— THE TASK —
Set down each entry exactly; omit images.

-----

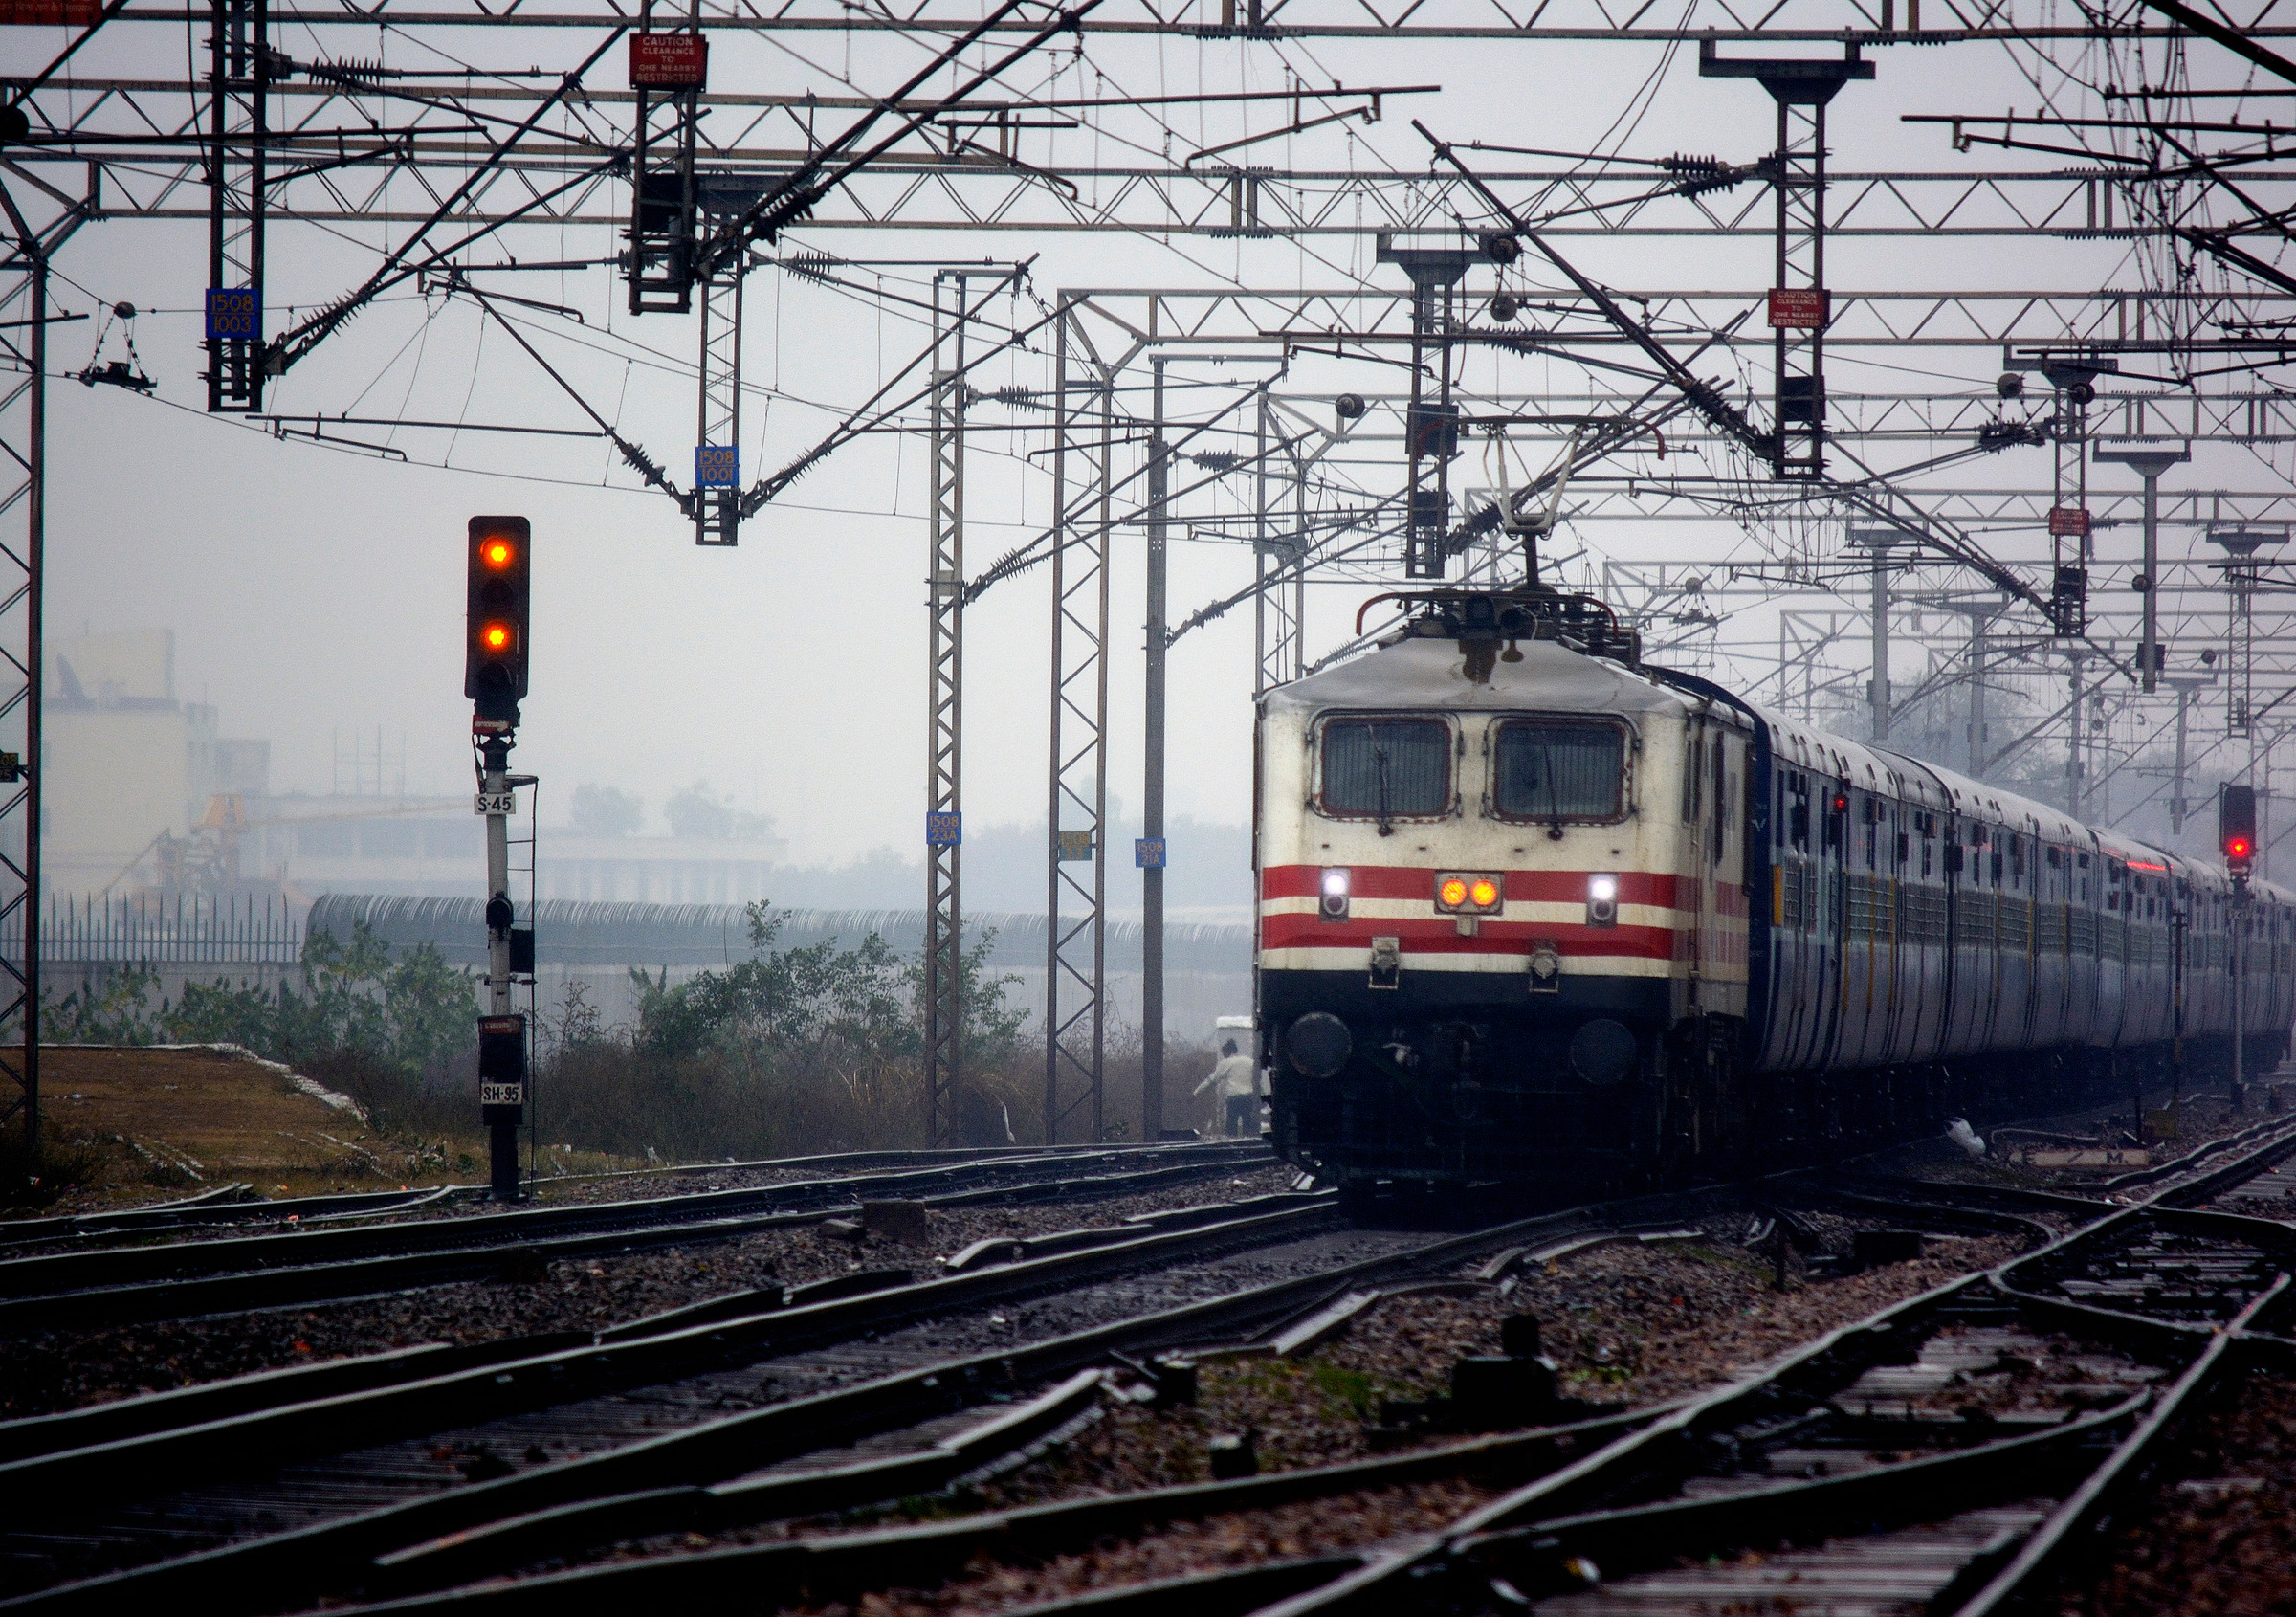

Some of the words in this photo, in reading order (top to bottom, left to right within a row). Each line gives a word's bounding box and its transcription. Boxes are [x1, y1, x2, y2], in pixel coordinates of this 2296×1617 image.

[642, 36, 694, 47] CAUTION
[636, 73, 698, 82] RESTRICTED
[211, 294, 254, 312] 1508
[213, 315, 251, 333] 1003
[699, 450, 734, 465] 1508
[701, 466, 733, 482] 1001
[929, 815, 959, 828] 1508
[932, 828, 957, 841] 23A
[1137, 841, 1163, 853] 1508
[483, 1086, 519, 1102] SH-95

-----

— RESPONSE —
Some of the words in this photo, in reading order (top to bottom, left to right within a row). Each line gives a word's bounding box and its transcription. Boxes are [x1, y1, x2, y2], in pixel coordinates of this 2296×1617 image.

[642, 36, 694, 47] CAUTION
[636, 73, 698, 82] RESTRICTED
[211, 294, 254, 312] 1508
[213, 315, 251, 333] 1003
[699, 450, 734, 465] 1508
[701, 466, 733, 482] 1001
[929, 815, 959, 828] 1508
[932, 828, 957, 841] 23A
[1137, 841, 1163, 853] 1508
[483, 1086, 519, 1102] SH-95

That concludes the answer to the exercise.